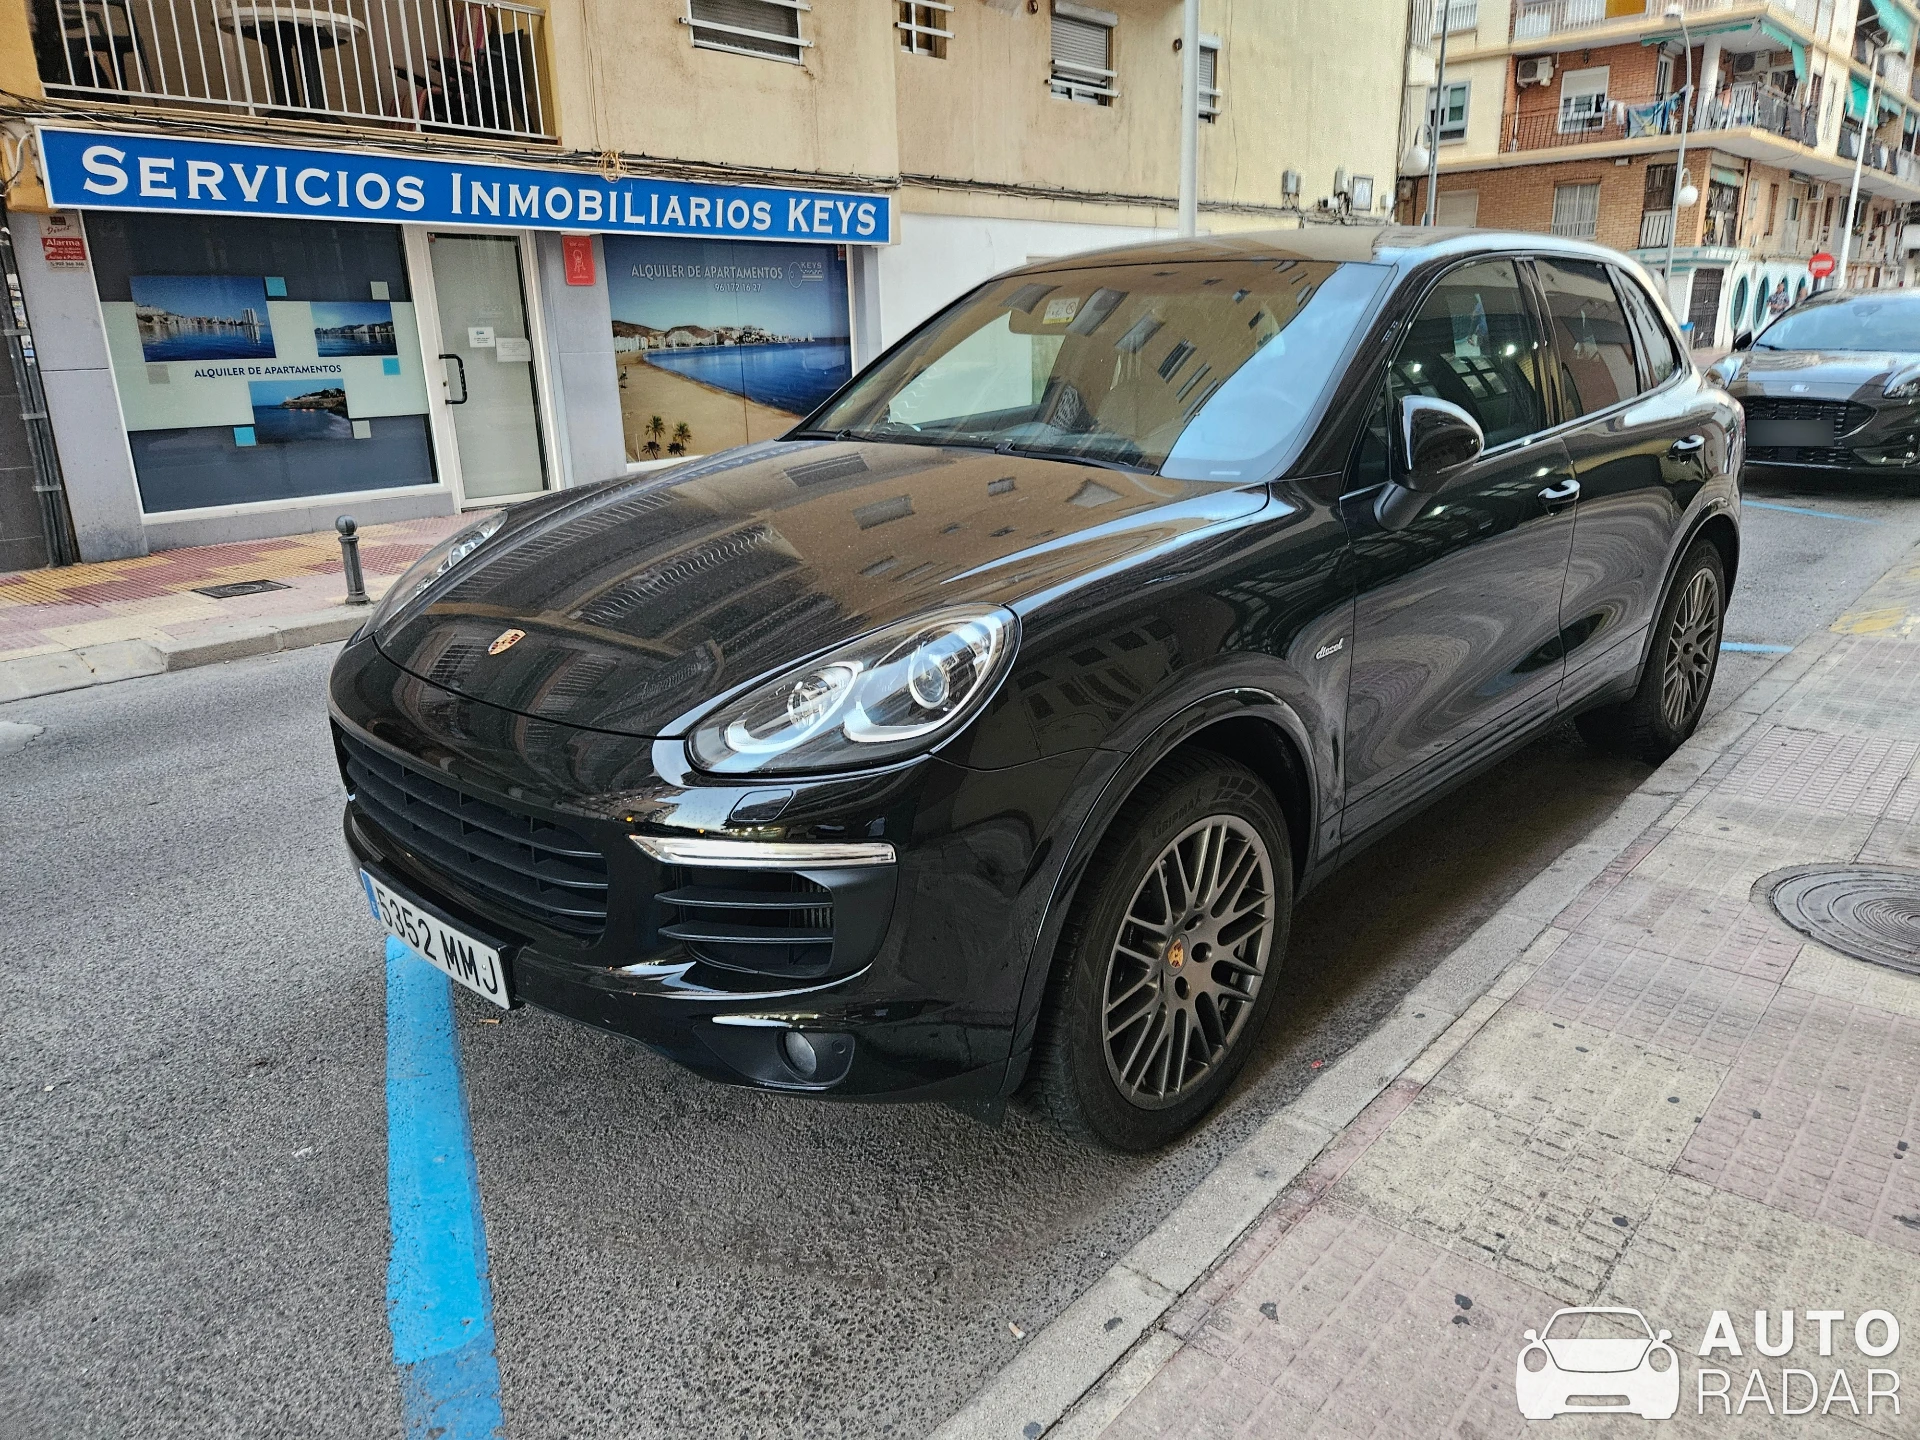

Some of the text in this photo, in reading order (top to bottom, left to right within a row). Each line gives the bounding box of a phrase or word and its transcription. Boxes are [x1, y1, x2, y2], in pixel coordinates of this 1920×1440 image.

[788, 198, 877, 236] KEYS
[631, 264, 783, 280] ALQUILER DE APARTAMENTOS
[801, 261, 822, 269] KEYS
[715, 283, 762, 292] 96 172 16 27
[194, 364, 342, 378] ALQUILER DE APARTAMENTOS
[376, 887, 498, 995] 5352 MMJ
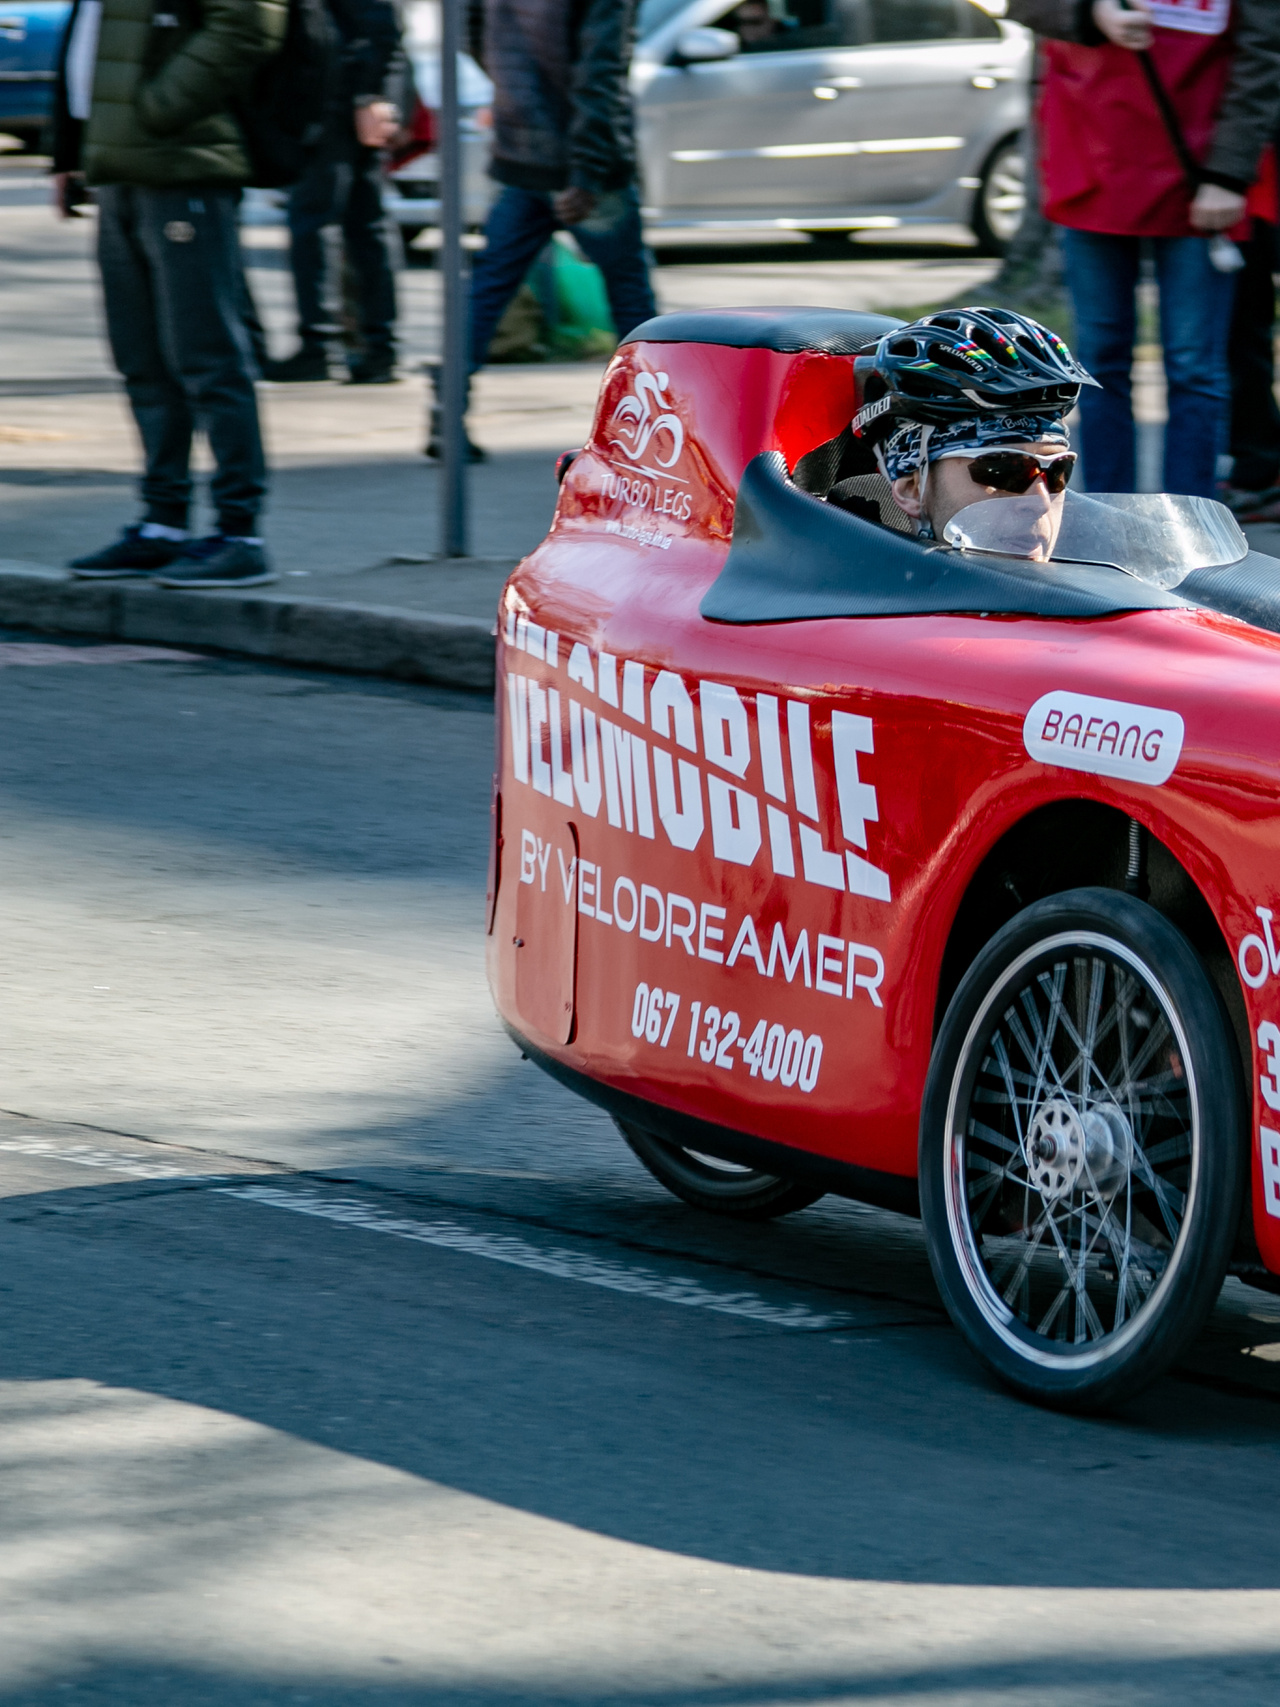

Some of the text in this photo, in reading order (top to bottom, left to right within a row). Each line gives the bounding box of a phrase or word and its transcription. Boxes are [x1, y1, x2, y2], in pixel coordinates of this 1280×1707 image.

[939, 343, 984, 372] SPECIALIZED
[600, 473, 692, 521] TURBO LEGS
[506, 610, 892, 903] VELOMOBILE
[1041, 709, 1164, 762] BAFANG
[520, 828, 884, 1008] BY VELODREAMER
[631, 982, 823, 1093] 067 132-4000

__Work to be completed__: Beginning at the line where "this 1280×1707 image." appears, extract each line through the end of the data above; keep them exact and include nothing else.

__Exercise answer__:
Some of the text in this photo, in reading order (top to bottom, left to right within a row). Each line gives the bounding box of a phrase or word and its transcription. Boxes are [x1, y1, x2, y2], in pixel coordinates of this 1280×1707 image.

[939, 343, 984, 372] SPECIALIZED
[600, 473, 692, 521] TURBO LEGS
[506, 610, 892, 903] VELOMOBILE
[1041, 709, 1164, 762] BAFANG
[520, 828, 884, 1008] BY VELODREAMER
[631, 982, 823, 1093] 067 132-4000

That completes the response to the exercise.